Vinexin: A Novel Vinculin-Binding Protein with Multiple SH3 Domains Enhances Actin Cytoskeletal Organization

• Published in: The Journal of cell biology Vol. 144; no. 1; pp. 59 - 69
• Main Authors: Kioka, Noriyuki, Sakata, Shohei, Kawauchi, Takeshi, Amachi, Teruo, Akiyama, Steven K., Okazaki, Kenji, Yaen, Christopher, Yamada, Kenneth M., Aota, Shin-ichi
• Format: Journal Article
• Language: English
• Published: United States Rockefeller University Press 11.01.1999; The Rockefeller University Press
• Subjects: 3T3 Cells; Actins; Actins - metabolism; Adaptor Proteins, Signal Transducing; Amino Acid Sequence; Animals; Base Sequence; Binding Sites; Cell adhesion; Cell Line; Cell lines; Cell Movement; Cells; Chickens; Chromosome Mapping; Cloning, Molecular; Cytoskeleton - physiology; DNA, Complementary; Epithelial cells; Focal adhesions; Gene Expression; Humans; LLC PK1 cells; Mice; Molecular Sequence Data; Muscle Proteins - genetics; Muscle Proteins - metabolism; NIH 3T3 cells; Plasmids; Rabbits; Sequence Homology, Amino Acid; src Homology Domains; Swine; Tissue Distribution; Vinculin - genetics; Vinculin - metabolism
• ISSN: 0021-9525; 1540-8140
• DOI: 10.1083/jcb.144.1.59

Using the yeast two-hybrid system and an in vitro binding assay, we have identified a novel protein termed vinexin as a vinculin-binding protein. By Northern blotting, we identified two types of vinexin mRNA that were 3 and 2 kb in length. Screening for full-length cDNA clones and sequencing indicated that the two mRNA encode 82- and 37-kD polypeptides termed vinexin α and β, respectively. Both forms of vinexin share a common carboxyl-terminal sequence containing three SH3 domains. The larger vinexin α contains an additional amino-terminal sequence. The interaction between vinexin and vinculin was mediated by two SH3 domains of vinexin and the proline-rich region of vinculin.
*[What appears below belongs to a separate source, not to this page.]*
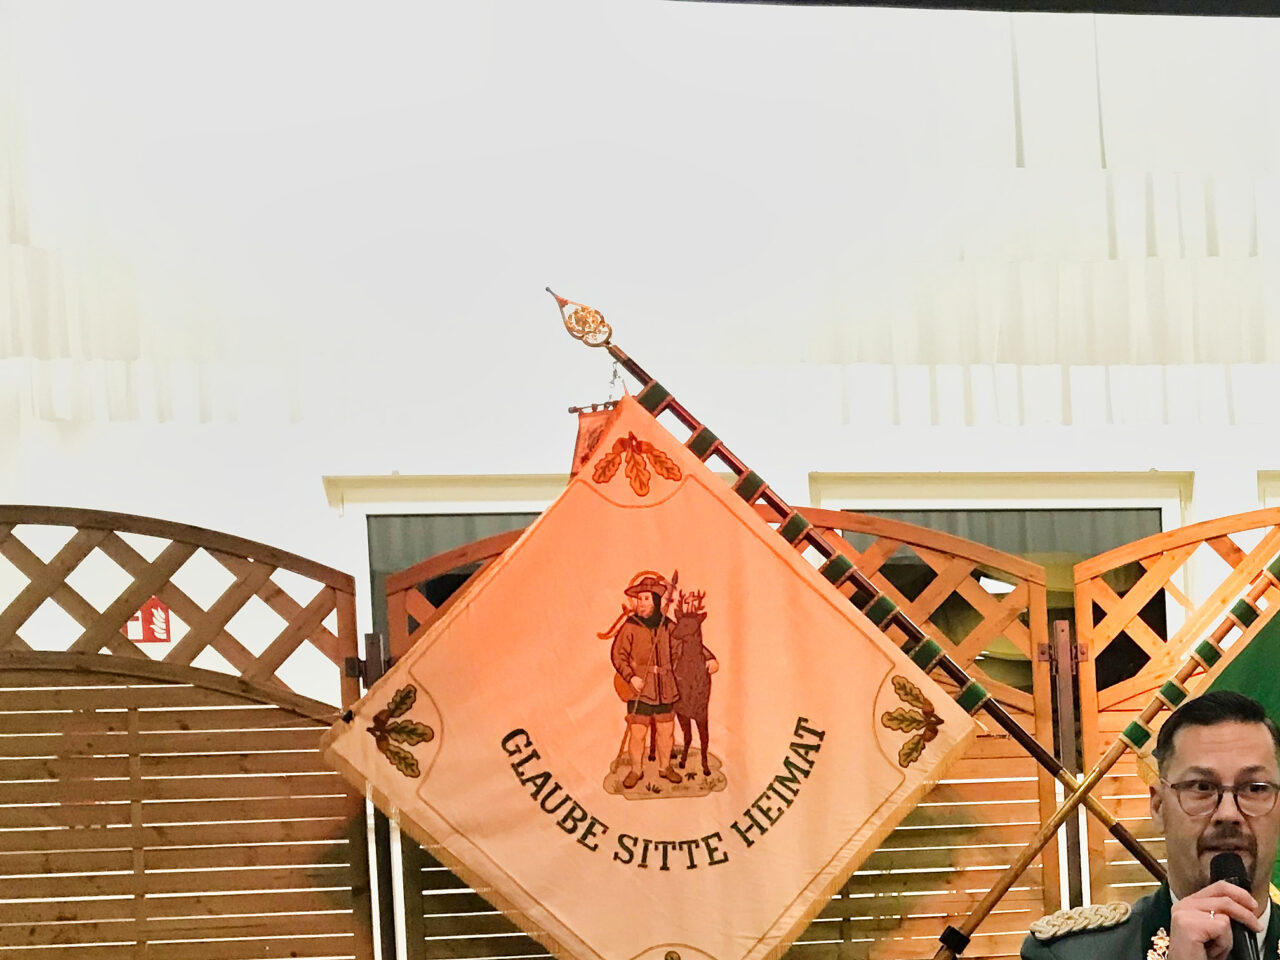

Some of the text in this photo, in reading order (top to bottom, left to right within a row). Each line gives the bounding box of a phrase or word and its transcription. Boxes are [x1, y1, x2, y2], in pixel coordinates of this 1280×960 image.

[501, 716, 826, 871] GLAUBE SITTE HEIMAT
When expressed, vinexin α and β localized to focal adhesions in NIH 3T3 fibroblasts, and to cell-cell junctions in epithelial LLC-PK1 cells. Furthermore, expression of vinexin increased focal adhesion size. Vinexin α also promoted upregulation of actin stress fiber formation. In addition, cell lines stably expressing vinexin β showed enhanced cell spreading on fibronectin. These data identify vinexin as a novel focal adhesion and cell-cell adhesion protein that binds via SH3 domains to the hinge region of vinculin, which can enhance actin cytoskeletal organization and cell spreading.